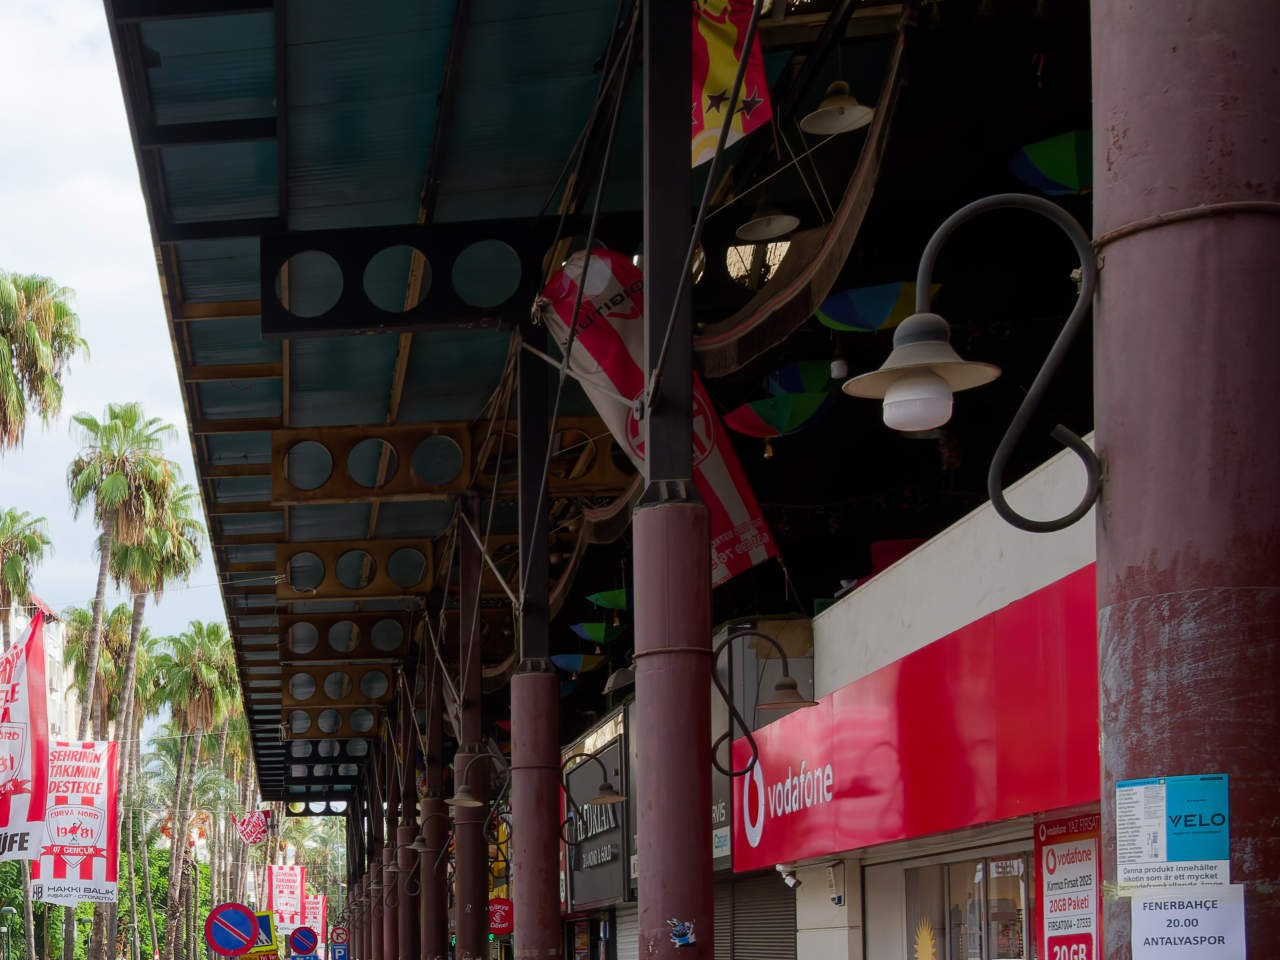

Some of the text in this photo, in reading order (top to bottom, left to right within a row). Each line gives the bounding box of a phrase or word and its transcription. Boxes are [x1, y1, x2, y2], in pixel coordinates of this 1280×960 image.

[48, 780, 103, 795] DESTEKLE
[767, 760, 834, 819] vodafone
[1168, 813, 1226, 828] VELO
[1057, 847, 1092, 867] vodafone
[1144, 865, 1174, 874] produkt
[1173, 873, 1186, 881] ett
[1187, 873, 1218, 882] mycket
[1067, 895, 1090, 912] Paketi
[1143, 899, 1219, 911] FENERBAHÇE
[1166, 918, 1199, 928] 20.00
[1143, 935, 1226, 947] ANTALYASPOR

============================================================

→ **TASK GOAL**
For the entries above, return an exact copy that omits the images.

→ **RESPONSE FOR THIS EXERCISE**
Some of the text in this photo, in reading order (top to bottom, left to right within a row). Each line gives the bounding box of a phrase or word and its transcription. Boxes are [x1, y1, x2, y2], in pixel coordinates of this 1280×960 image.

[48, 780, 103, 795] DESTEKLE
[767, 760, 834, 819] vodafone
[1168, 813, 1226, 828] VELO
[1057, 847, 1092, 867] vodafone
[1144, 865, 1174, 874] produkt
[1173, 873, 1186, 881] ett
[1187, 873, 1218, 882] mycket
[1067, 895, 1090, 912] Paketi
[1143, 899, 1219, 911] FENERBAHÇE
[1166, 918, 1199, 928] 20.00
[1143, 935, 1226, 947] ANTALYASPOR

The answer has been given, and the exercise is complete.